Beyond Basic Parameters
While EvolutionConfig provides max_iterations and patience for basic termination control, stop callbacks enable advanced use cases like API cost limits, external orchestration, score thresholds, and combining multiple conditions.
When to Use Stop Callbacks¶
Use stop callbacks when you need:
- API Cost Control — Limit total model evaluations to stay within budget
- Time-Based Limits — Stop after a specific wall-clock duration
- External Orchestration — Allow CI/CD pipelines or job schedulers to signal termination
- Graceful Shutdown — Handle Ctrl+C and system signals properly
- Complex Conditions — Combine multiple stop conditions with AND/OR logic
Available Stoppers¶
| Stopper | Purpose | Use Case |
|---|---|---|
MaxEvaluationsStopper(n) | Stop after n total evaluations | API cost control |
TimeoutStopper(seconds) | Stop after elapsed time | Job time limits |
ScoreThresholdStopper(threshold) | Stop when score is reached | Early success |
SignalStopper() | Stop on Ctrl+C or SIGTERM | Graceful shutdown |
FileStopper(path) | Stop when a file exists | External orchestration |
CompositeStopper([...], mode) | Combine stoppers | Complex conditions |
Basic Usage¶
MaxEvaluationsStopper¶
Control API costs by limiting total evaluations:
from gepa_adk import EvolutionConfig
from gepa_adk.adapters.stoppers import MaxEvaluationsStopper
# Stop after 1000 total evaluations
config = EvolutionConfig(
max_iterations=100,
stop_callbacks=[MaxEvaluationsStopper(1000)],
)
result = evolve_sync(agent, trainset, config=config)

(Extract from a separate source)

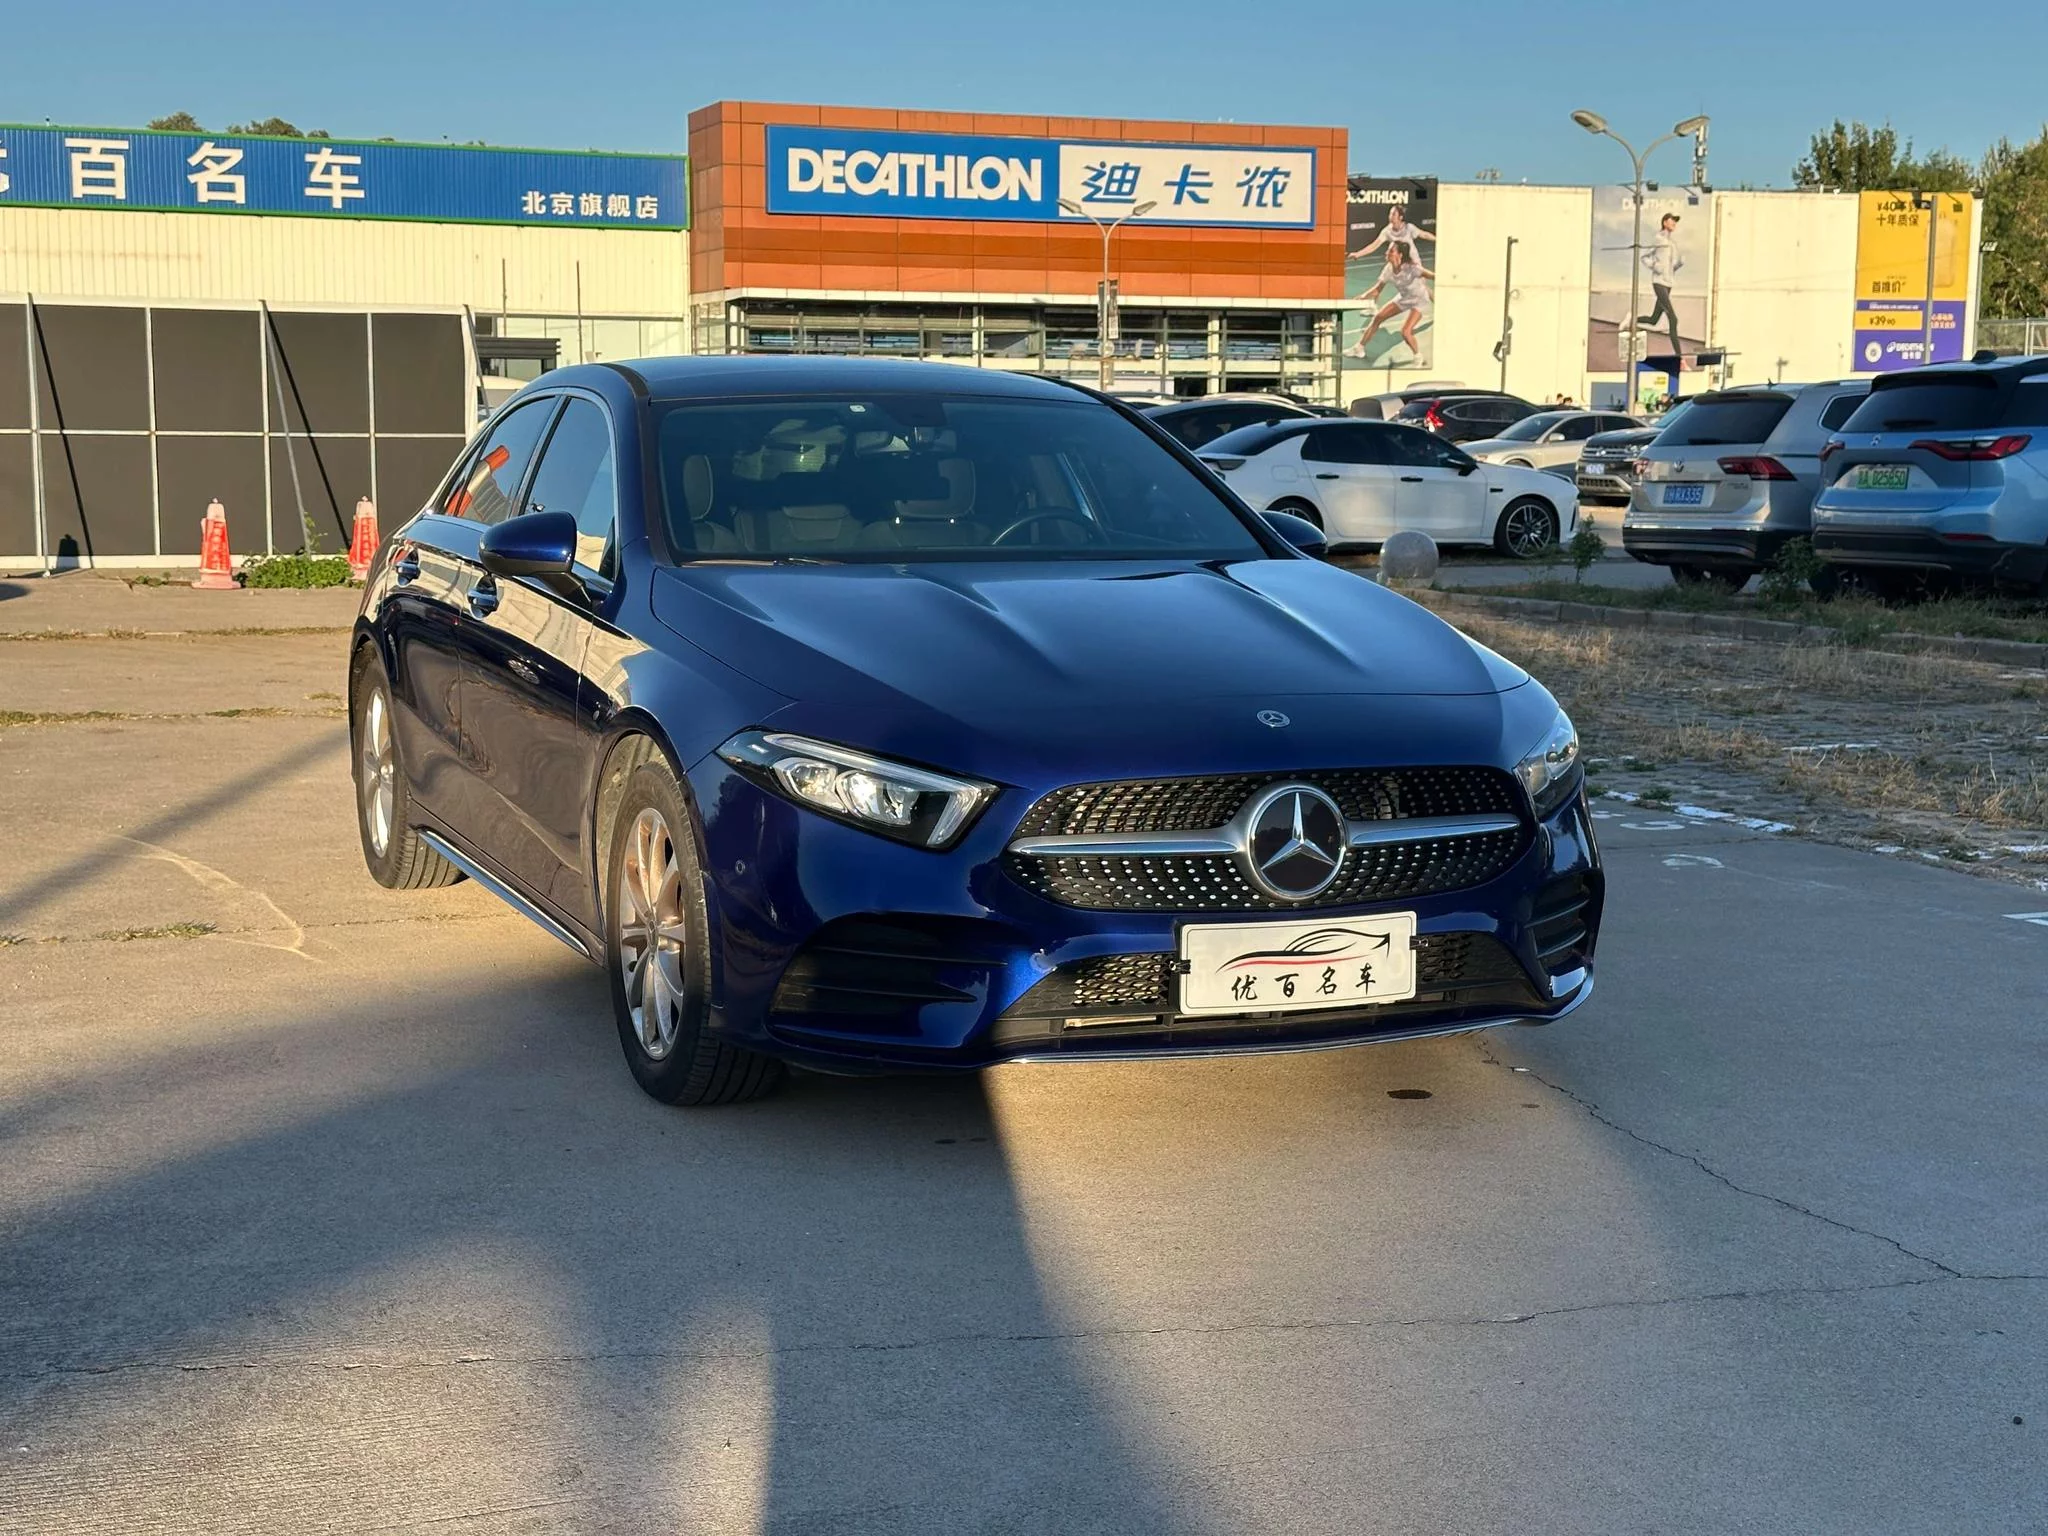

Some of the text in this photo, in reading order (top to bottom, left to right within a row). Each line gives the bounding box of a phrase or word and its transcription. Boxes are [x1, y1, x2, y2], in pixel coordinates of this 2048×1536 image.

[788, 147, 1042, 202] DECATHLON
[1081, 161, 1291, 208] 迪卡侬
[521, 191, 658, 218] 北京旗舰店
[1231, 962, 1376, 1001] 优百名车

Why use this? Each evaluation typically corresponds to one model API call. If you're using expensive models like GPT-4 or Gemini Pro, limiting evaluations directly controls your costs.
FileStopper¶
Allow external systems to signal termination by creating a file:
from gepa_adk.adapters.stoppers import FileStopper
# Stop when /tmp/gepa_stop file appears
config = EvolutionConfig(
max_iterations=100,
stop_callbacks=[FileStopper("/tmp/gepa_stop")],
)
# From another process or script:
# touch /tmp/gepa_stop
Options:
# Automatically remove the stop file after triggering
stopper = FileStopper("/tmp/gepa_stop", remove_on_stop=True)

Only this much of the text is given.